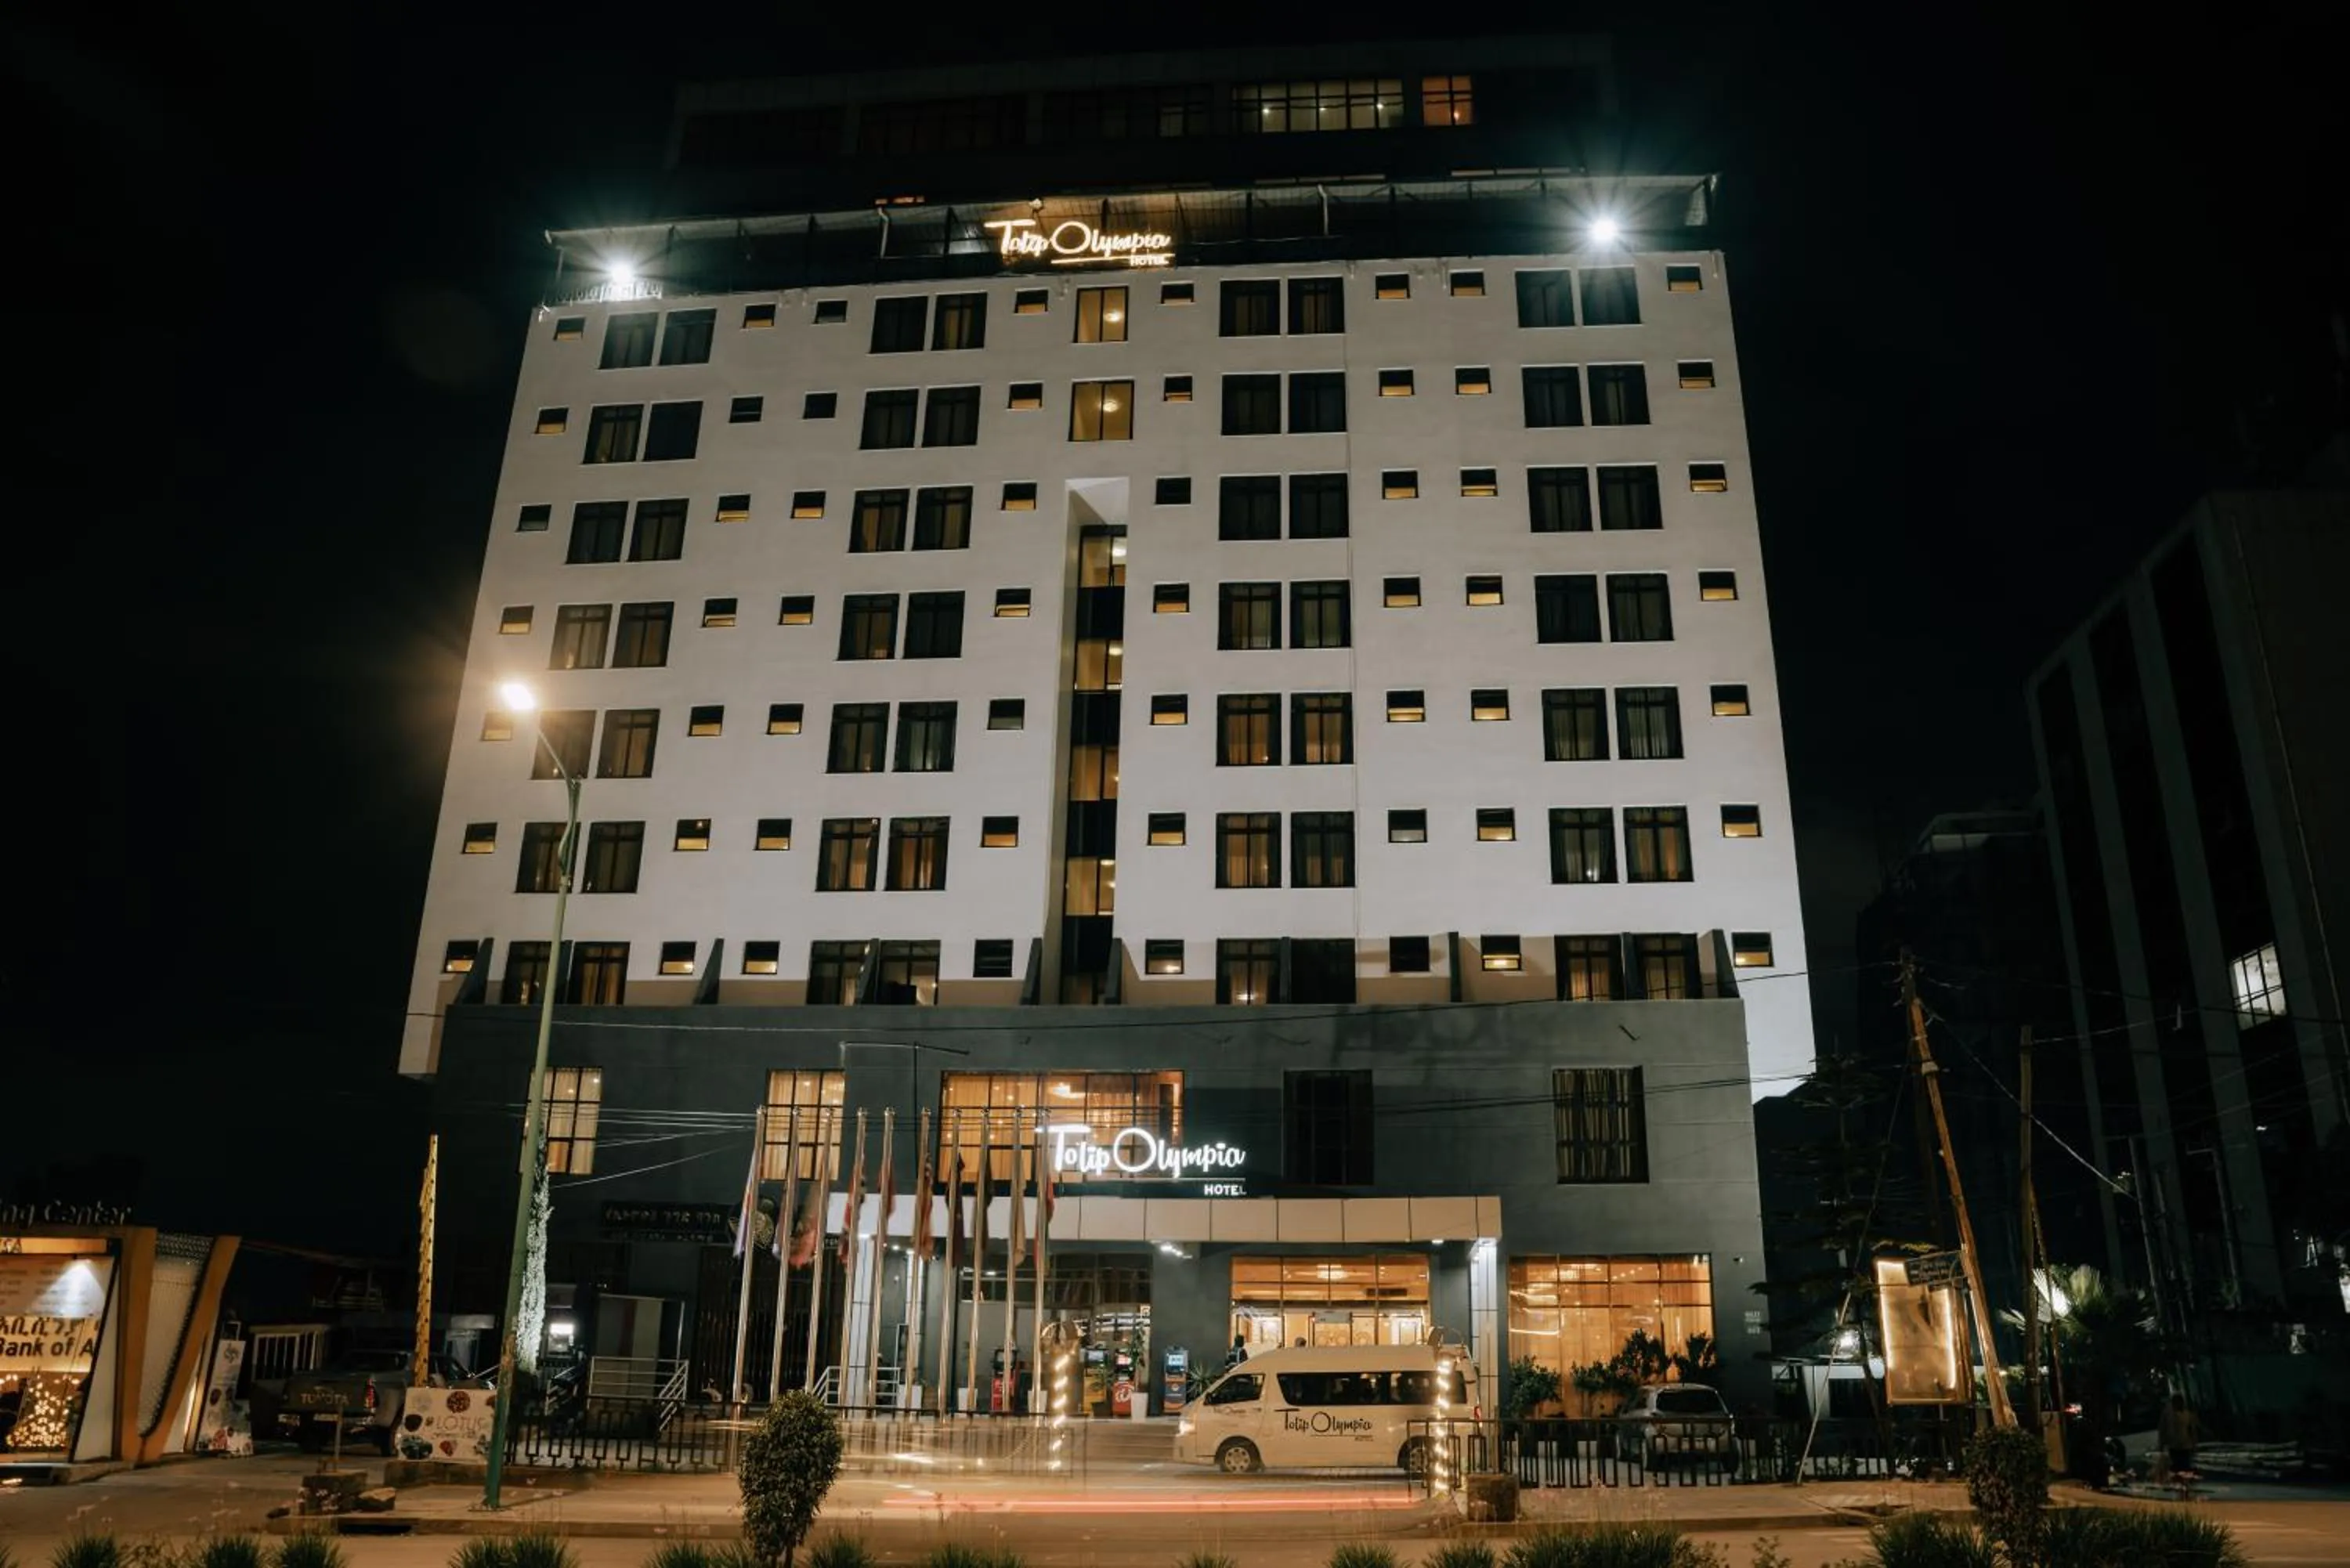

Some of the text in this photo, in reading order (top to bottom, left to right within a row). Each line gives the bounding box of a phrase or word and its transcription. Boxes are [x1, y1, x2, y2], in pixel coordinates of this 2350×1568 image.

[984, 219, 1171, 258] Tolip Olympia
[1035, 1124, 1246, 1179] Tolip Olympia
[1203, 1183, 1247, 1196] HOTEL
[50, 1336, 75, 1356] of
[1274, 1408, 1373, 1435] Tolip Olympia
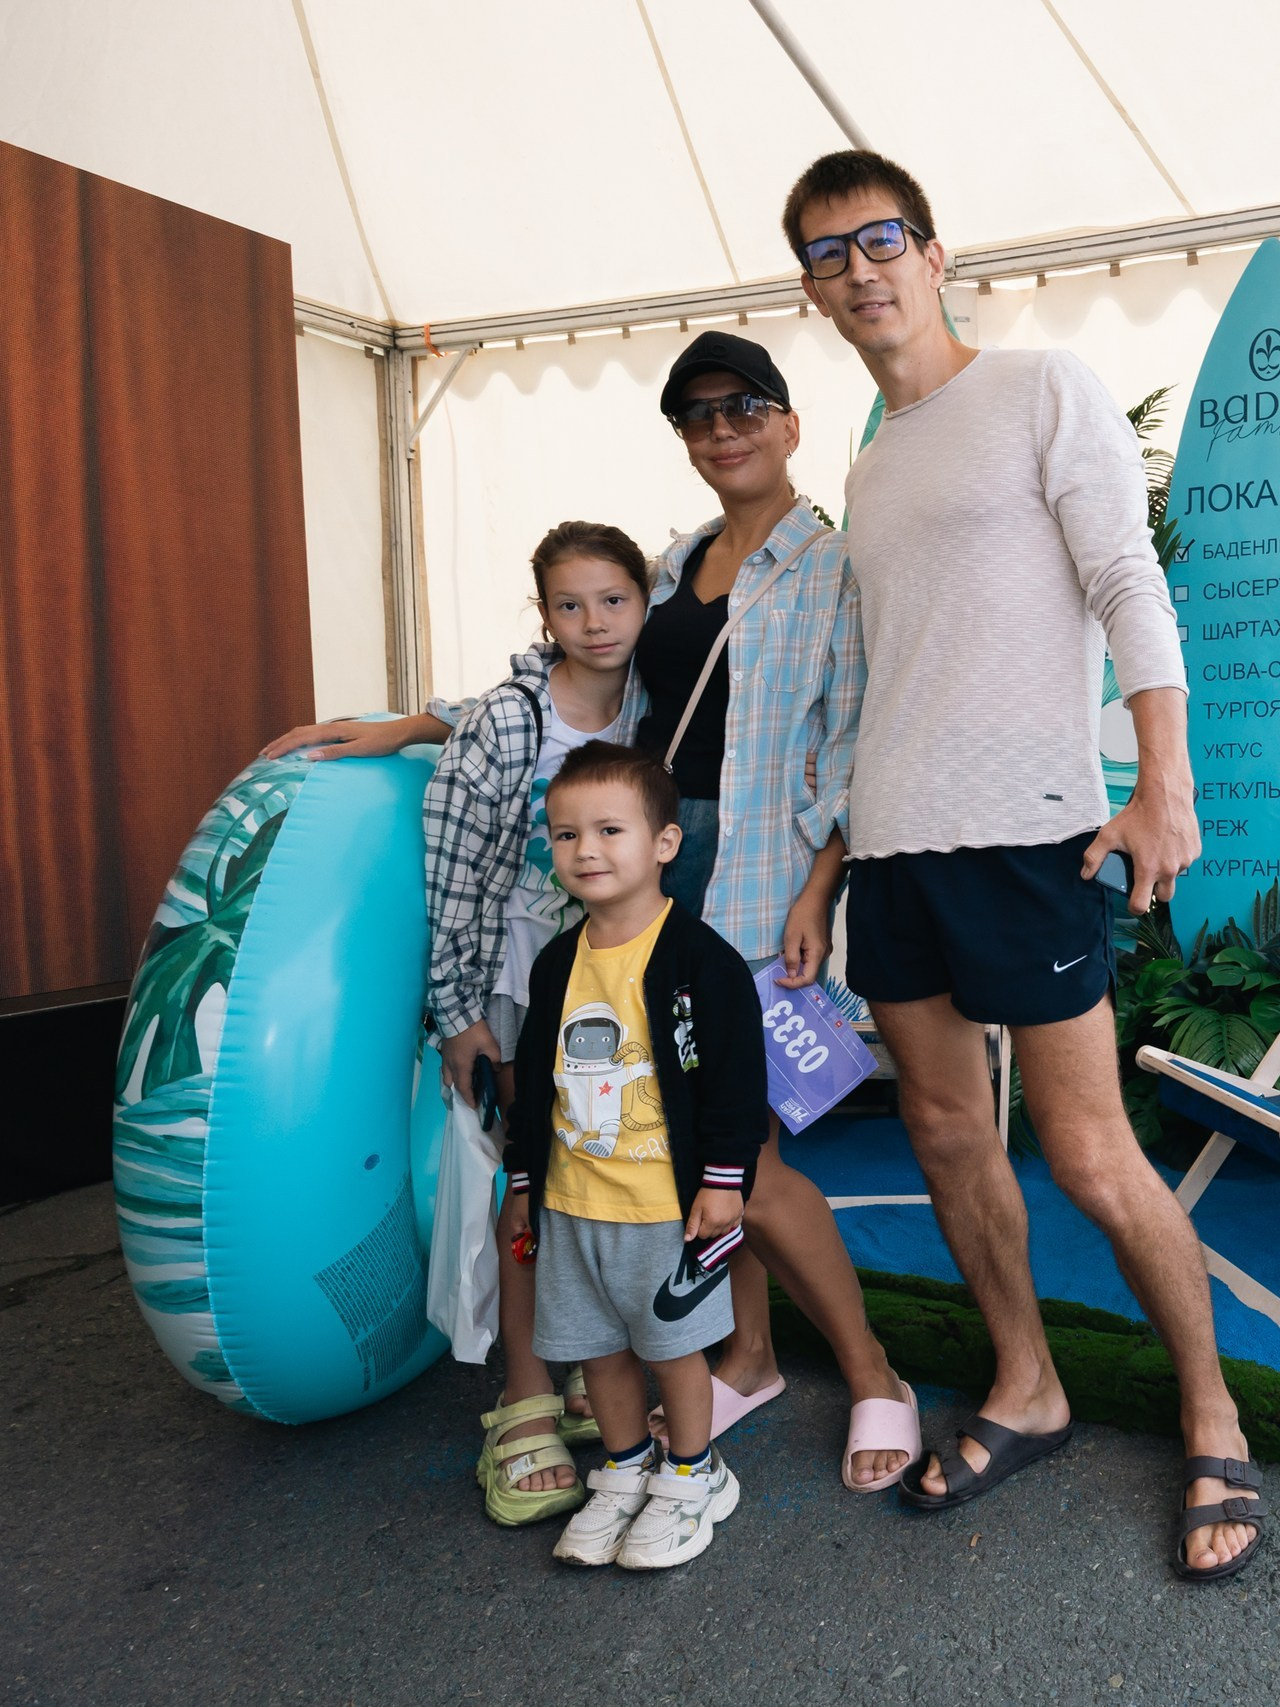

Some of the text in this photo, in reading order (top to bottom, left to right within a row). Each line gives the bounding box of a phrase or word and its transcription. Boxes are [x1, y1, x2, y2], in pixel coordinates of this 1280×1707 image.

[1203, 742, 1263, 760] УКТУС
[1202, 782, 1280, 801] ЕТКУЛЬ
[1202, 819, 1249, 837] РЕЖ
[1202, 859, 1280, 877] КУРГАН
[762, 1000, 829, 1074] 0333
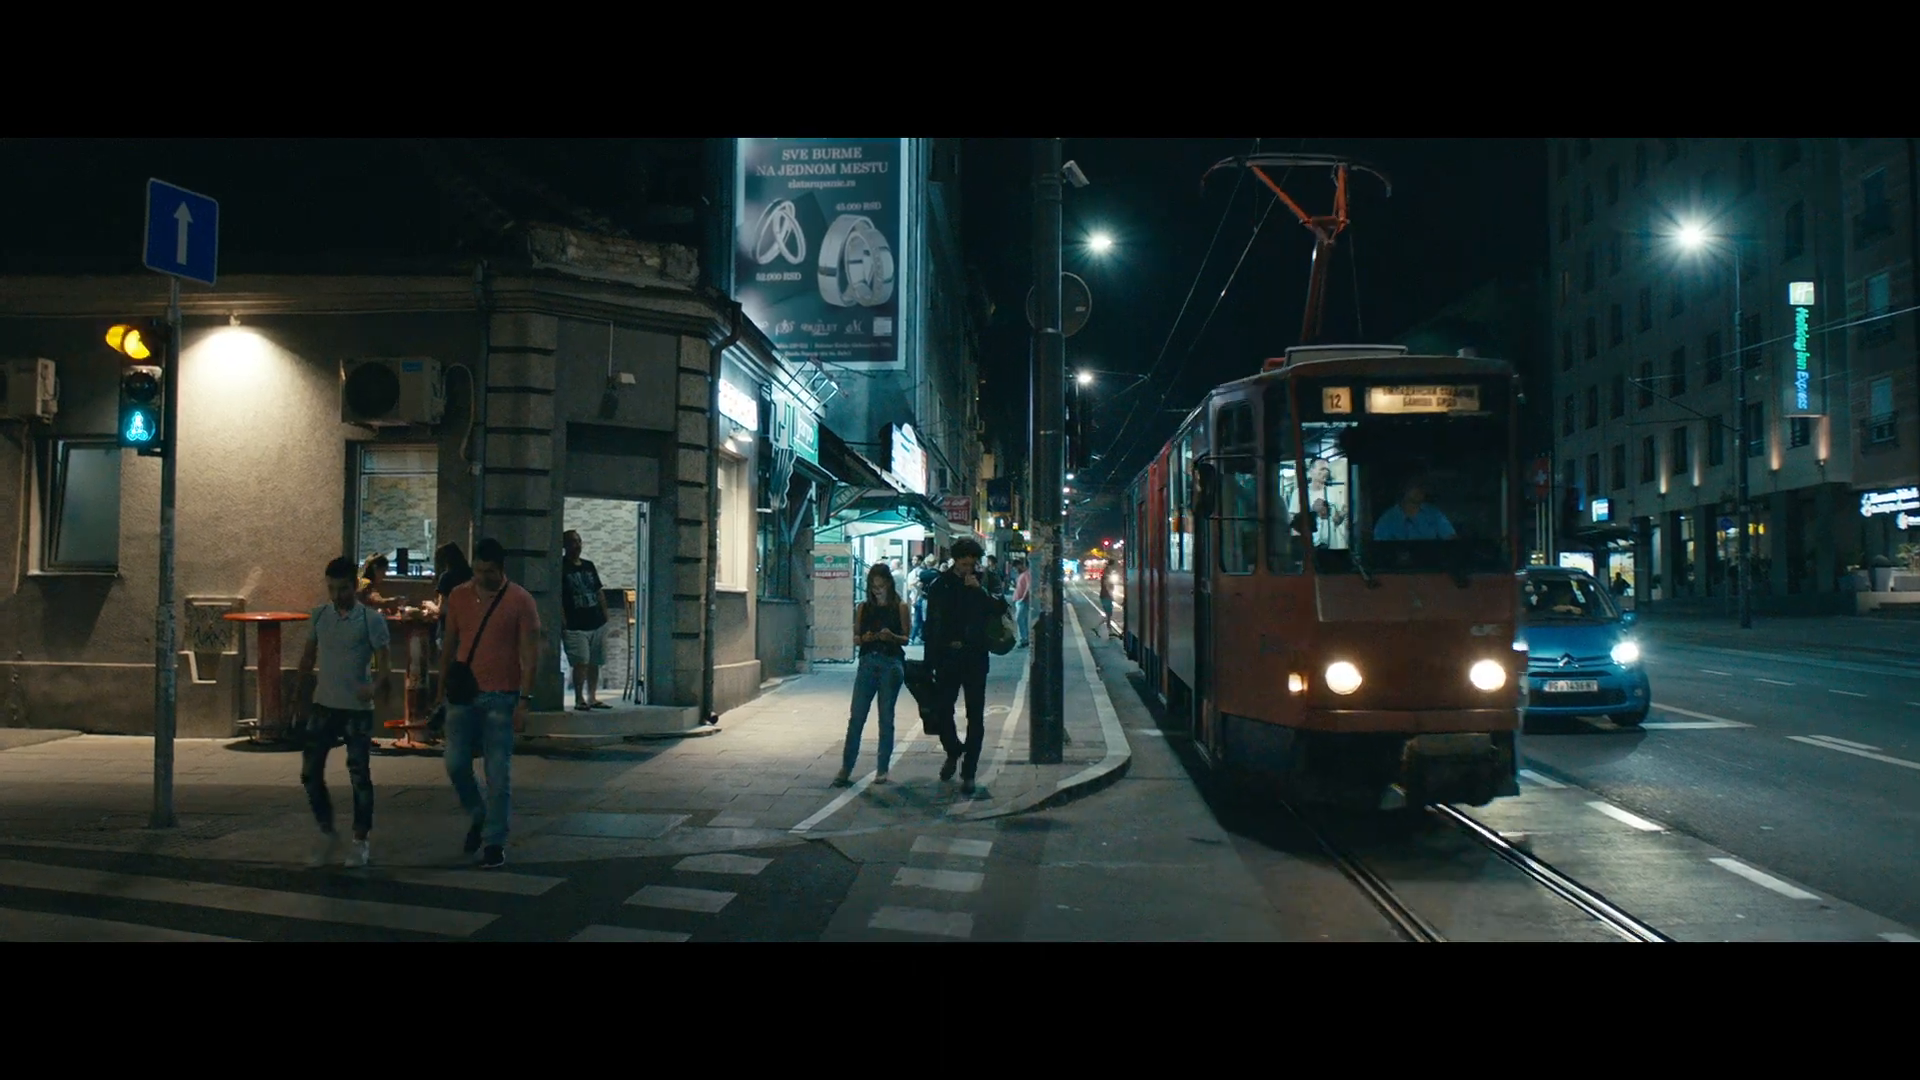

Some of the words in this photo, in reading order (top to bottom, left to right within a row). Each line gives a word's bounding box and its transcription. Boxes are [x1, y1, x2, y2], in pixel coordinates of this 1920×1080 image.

*****

What this task involves:
Pictures do not go in the copy; print every entry exactly as it stands.

Answer to the exercise:
Some of the text in this photo, in reading order (top to bottom, left to right within a row). Each line gives the bounding box of a phrase or word and its transcription. Boxes are [x1, y1, x2, y2], in pixel coordinates of this 2350×1568 image.

[984, 219, 1171, 258] Tolip Olympia
[1035, 1124, 1246, 1179] Tolip Olympia
[1203, 1183, 1247, 1196] HOTEL
[50, 1336, 75, 1356] of
[1274, 1408, 1373, 1435] Tolip Olympia

Some of the text in this photo, in reading order (top to bottom, left to right within a row). Each line gives the bounding box of a phrase or word and its transcription. Boxes are [x1, y1, x2, y2], in pixel coordinates of this 1280×1707 image.

[1203, 742, 1263, 760] УКТУС
[1202, 782, 1280, 801] ЕТКУЛЬ
[1202, 819, 1249, 837] РЕЖ
[1202, 859, 1280, 877] КУРГАН
[762, 1000, 829, 1074] 0333

Some of the words in this photo, in reading order (top to bottom, left to right within a row). Each line gives a word's bounding box and its transcription. Boxes are [x1, y1, x2, y2], in pixel coordinates of this 1920×1080 image.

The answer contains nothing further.